Ideología y abstención en las elecciones europeas

Lobisón 

En las pasadas elecciones europeas estaba en juego un Parlamento cuyas funciones no son suficientemente valoradas —ni quizá tampoco comprendidas— por la mayor parte de los ciudadanos, ya que no establece impuestos o decide una política económica común, y además no determina ni la formación de la Comisión ni el nombramiento de su presidente.

 

Para esos mismos ciudadanos tampoco la Comisión juega un papel muy relevante: sus decisiones parecen tan lejanas como las resoluciones del G-8 o del G-20, e incluso las recomendaciones de la OCDE. Pero si, además, no se percibe que la Comisión dependa de alguna forma del Parlamento Europeo, es bastante improbable que las elecciones puedan verse como un momento crucial de la política europea, mucho menos como un parteaguas ideológico.

 

Se arrastra desde hace años la polémica sobre el supuesto ‘déficit democrático’ de la construcción europea. Muy probablemente es una falsa polémica, porque la única conclusión posible es que las instituciones europeas tienen menos legitimidad de la que tendrían si Europa fuera una entidad federal. Pero no es así, y los modestos pasos previstos en el Tratado de Lisboa no cambiarán sustancialmente la situación.

 

Es cierto, sin embargo, que si ya hubiera estado en vigor el Tratado habría habido mayores posibilidades de evitar la imagen de descoordinación e improvisación que han ofrecido las distintas respuestas nacionales a la crisis. Frente a una Comisión desdibujada —y sobre el fondo de la incomprensible actuación del Banco Central Europeo—, el protagonismo lo han tenido el espídico presidente Sarkozy y la renuente señora Merkel. Es lógico que lo hayan rentabilizado electoralmente, pero sus diferencias dentro del Consejo no han permitido que se diera la imagen de una respuesta europea a la crisis.

 

Tanto en la situación actual como en la que creará el Tratado cuando —con suerte— entre en vigor, existe un problema de fondo: el del liderazgo. Como se ha señalado en muchas ocasiones, los avances de los años ochenta en la construcción europea se lograron en buena medida gracias a una coalición de líderes —coalición en la que por cierto España tuvo un lugar importante— que creía en el proyecto europeo más allá de lo que sus respectivos países podían lograr u obtener a corto plazo.

 

En este momento esa coalición no existe.
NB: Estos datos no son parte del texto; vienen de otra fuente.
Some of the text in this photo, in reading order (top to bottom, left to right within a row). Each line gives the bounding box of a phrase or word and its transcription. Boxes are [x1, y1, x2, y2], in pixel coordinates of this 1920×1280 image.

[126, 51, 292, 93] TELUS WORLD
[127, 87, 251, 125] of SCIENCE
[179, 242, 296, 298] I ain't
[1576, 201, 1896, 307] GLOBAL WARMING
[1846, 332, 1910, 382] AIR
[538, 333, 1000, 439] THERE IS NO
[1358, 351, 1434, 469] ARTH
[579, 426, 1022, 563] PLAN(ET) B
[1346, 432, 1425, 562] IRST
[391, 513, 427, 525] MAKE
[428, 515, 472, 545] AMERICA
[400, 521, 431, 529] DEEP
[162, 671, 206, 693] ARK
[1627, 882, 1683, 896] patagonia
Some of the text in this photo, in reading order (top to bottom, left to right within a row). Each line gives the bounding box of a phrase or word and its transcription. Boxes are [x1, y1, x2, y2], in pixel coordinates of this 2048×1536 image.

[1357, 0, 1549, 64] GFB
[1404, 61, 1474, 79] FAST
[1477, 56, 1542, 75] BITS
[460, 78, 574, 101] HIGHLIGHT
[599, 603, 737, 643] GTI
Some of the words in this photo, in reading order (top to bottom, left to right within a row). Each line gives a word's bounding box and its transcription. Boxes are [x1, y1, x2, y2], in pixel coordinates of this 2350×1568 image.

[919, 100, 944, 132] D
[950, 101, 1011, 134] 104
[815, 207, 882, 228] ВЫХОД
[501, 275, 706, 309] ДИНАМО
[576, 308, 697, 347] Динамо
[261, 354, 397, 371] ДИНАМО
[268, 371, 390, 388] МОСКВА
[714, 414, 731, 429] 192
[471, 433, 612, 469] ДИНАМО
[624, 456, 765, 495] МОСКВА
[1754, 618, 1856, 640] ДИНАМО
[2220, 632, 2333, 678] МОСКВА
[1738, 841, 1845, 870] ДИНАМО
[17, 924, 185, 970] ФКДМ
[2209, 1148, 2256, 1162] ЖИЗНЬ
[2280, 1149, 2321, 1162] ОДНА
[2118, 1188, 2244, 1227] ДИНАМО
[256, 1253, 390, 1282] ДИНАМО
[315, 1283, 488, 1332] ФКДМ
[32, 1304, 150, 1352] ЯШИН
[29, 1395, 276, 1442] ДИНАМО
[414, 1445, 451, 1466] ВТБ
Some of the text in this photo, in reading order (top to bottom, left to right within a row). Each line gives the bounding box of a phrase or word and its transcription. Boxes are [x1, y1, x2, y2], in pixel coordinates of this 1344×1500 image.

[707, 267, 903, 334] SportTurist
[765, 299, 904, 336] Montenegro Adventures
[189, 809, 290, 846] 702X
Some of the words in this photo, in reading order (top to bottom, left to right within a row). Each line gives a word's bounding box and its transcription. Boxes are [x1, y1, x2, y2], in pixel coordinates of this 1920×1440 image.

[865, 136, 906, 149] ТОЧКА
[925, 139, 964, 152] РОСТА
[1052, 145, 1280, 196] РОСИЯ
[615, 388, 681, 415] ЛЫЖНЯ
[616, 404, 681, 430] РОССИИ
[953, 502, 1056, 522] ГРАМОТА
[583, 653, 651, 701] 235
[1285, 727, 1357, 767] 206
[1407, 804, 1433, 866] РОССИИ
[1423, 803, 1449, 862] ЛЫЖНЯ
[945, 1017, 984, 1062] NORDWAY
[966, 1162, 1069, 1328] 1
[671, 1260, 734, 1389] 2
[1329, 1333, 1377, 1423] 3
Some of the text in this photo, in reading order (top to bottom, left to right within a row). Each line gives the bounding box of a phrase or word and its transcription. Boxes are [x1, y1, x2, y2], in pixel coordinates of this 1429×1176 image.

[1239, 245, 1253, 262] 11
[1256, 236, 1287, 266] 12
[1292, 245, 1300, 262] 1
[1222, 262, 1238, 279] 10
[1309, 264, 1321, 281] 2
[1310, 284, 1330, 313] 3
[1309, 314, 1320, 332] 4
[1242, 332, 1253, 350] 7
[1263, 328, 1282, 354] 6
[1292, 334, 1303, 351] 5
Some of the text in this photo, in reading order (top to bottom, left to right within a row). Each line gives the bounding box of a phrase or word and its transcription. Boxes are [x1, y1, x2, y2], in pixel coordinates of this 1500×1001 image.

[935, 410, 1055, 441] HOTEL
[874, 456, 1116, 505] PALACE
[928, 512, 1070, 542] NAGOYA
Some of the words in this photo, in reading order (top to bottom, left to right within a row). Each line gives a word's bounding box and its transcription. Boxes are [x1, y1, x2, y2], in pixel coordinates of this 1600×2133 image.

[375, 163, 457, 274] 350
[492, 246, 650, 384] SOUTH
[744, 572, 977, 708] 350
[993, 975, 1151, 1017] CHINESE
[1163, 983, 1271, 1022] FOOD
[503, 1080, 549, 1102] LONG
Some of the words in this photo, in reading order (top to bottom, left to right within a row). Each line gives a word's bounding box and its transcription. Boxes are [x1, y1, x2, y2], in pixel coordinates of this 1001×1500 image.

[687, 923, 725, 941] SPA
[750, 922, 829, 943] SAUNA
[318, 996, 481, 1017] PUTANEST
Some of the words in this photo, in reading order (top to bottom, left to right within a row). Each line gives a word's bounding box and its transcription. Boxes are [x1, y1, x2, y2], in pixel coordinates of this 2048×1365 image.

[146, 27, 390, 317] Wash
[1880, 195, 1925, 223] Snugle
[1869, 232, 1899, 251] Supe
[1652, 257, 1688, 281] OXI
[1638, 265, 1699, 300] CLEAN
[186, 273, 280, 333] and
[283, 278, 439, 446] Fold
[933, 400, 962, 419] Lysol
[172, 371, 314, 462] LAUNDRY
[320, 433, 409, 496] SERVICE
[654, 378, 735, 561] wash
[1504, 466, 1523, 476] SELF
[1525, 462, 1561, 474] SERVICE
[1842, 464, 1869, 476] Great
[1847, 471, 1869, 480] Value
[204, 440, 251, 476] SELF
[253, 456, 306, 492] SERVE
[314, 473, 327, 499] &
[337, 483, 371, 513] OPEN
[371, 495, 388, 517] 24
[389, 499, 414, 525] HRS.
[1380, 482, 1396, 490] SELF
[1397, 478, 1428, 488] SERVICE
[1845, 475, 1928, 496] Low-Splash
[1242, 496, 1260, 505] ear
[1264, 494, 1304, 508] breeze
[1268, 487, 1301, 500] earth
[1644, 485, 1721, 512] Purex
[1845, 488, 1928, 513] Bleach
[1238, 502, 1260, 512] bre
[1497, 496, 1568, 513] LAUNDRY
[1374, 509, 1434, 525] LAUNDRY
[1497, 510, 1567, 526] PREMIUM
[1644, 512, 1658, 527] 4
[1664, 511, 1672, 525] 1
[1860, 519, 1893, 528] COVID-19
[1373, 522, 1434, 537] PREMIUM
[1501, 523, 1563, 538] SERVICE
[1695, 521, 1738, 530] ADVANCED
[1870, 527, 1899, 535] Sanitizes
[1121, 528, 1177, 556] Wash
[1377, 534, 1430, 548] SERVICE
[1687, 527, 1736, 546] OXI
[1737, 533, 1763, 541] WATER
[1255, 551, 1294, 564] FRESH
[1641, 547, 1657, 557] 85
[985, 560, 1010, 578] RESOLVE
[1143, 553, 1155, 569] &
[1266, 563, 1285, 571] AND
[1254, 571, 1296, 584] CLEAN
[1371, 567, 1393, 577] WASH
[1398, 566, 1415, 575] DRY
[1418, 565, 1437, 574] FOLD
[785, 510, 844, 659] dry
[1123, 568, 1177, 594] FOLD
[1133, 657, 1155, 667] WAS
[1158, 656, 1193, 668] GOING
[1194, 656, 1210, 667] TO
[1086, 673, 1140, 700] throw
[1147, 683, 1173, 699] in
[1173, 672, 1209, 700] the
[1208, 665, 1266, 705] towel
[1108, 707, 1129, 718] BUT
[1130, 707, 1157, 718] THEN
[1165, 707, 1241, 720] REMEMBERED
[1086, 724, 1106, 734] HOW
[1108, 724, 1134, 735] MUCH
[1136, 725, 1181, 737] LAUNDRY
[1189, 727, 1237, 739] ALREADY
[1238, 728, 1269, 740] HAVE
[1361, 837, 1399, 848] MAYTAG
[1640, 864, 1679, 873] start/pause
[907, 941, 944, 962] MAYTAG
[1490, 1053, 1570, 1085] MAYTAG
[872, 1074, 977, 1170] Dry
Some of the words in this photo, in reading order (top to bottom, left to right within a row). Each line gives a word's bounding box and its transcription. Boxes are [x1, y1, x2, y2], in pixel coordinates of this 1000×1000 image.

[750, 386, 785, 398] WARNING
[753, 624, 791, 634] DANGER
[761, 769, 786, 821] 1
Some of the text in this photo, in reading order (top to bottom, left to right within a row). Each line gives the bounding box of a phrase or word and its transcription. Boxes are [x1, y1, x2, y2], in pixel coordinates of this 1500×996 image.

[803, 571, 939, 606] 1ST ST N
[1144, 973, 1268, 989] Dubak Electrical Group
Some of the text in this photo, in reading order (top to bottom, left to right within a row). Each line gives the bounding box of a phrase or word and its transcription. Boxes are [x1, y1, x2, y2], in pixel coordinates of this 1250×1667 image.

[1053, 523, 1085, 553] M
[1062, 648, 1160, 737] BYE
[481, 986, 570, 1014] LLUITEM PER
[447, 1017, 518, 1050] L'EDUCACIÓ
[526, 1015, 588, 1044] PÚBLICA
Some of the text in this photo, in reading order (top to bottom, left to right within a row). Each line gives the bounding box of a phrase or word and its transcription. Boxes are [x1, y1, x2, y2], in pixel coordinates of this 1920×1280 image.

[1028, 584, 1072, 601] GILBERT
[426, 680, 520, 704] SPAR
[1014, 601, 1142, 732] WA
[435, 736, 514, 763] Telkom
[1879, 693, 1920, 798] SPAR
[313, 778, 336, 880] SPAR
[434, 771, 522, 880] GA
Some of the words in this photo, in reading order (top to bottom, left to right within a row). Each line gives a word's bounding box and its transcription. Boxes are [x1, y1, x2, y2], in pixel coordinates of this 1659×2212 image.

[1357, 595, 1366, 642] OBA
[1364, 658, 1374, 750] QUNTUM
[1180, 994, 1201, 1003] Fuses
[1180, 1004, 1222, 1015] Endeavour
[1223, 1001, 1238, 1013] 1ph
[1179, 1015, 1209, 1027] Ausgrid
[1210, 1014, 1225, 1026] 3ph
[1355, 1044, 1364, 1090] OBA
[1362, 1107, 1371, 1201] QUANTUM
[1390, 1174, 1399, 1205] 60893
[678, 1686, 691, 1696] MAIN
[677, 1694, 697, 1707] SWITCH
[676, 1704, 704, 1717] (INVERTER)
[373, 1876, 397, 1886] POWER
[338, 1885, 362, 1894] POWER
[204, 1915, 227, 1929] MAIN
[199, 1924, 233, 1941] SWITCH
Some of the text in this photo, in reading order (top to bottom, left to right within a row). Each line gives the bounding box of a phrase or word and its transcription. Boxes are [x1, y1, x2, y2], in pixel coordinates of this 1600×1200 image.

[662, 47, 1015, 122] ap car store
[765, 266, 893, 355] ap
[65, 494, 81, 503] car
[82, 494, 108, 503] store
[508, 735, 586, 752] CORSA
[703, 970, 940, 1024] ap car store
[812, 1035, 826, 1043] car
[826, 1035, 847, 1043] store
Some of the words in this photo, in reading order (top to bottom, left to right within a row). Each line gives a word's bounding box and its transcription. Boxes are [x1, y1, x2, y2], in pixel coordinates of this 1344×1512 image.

Se ha dado incluso la infortunada circunstancia de que Gordon Brown, que en un momento dado —antes de sus problemas actuales— tuvo un fuerte protagonismo en el impulso a una respuesta frente a la crisis, y que podía haber sido el portavoz de la izquierda europea, no podía asumir ese papel a causa de la excepcionalidad británica, ya que el Reino Unido ni siquiera pertenece a la eurozona.

 

Peor aún: en ausencia de una coalición dirigente de la UE, y en el intento de lograr consensos y coordinar políticas, se han dado pasos que no han permitido a la opinión pública percibir la contraposición de dos proyectos (ideológicamente) distintos. Ahora es el apoyo por diversos gobiernos socialistas a la continuidad de Durão Barroso, pero probablemente fue mucho más llamativo en su momento el consenso sobre la Directiva de Retorno. No se trata aquí de valorar los argumentos a favor de esas decisiones, sino de subrayar el precio que han tenido, impidiendo que tuviera verosimilitud una campaña electoral en términos de izquierda frente a derecha.

 

En ausencia de un diseño institucional que haga pensar a los ciudadanos que de las elecciones al Parlamento Europeo depende su futuro, con decisiones que han borrado las líneas de separación entre izquierda y derecha en el Parlamento y en las instituciones, y en ausencia de líderes que asuman claramente un proyecto europeo progresista frente a la crisis, no es tan raro que el malestar y la incertidumbre creados por la crisis hayan hecho caer la participación, y que la izquierda haya sido la más perjudicada.

 

La comparación con Estados Unidos es reveladora: la izquierda europea tiene un problema serio de liderazgo, como lo tiene la Unión Europea en cuanto proyecto. La esperanza es que se desatasque en Irlanda el Tratado de Lisboa y el tren siga su camino, traqueteante y lento, es cierto, pero alejándonos de esta pesadilla de una UE presidida por tipos como Vaclav Klaus y el supuestamente más moderado —y sin duda desinhibido— invitado de Berlusconi en Villa Certosa, Mirek Topolanek, mientras el mundo atravesaba la peor crisis económica desde 1929.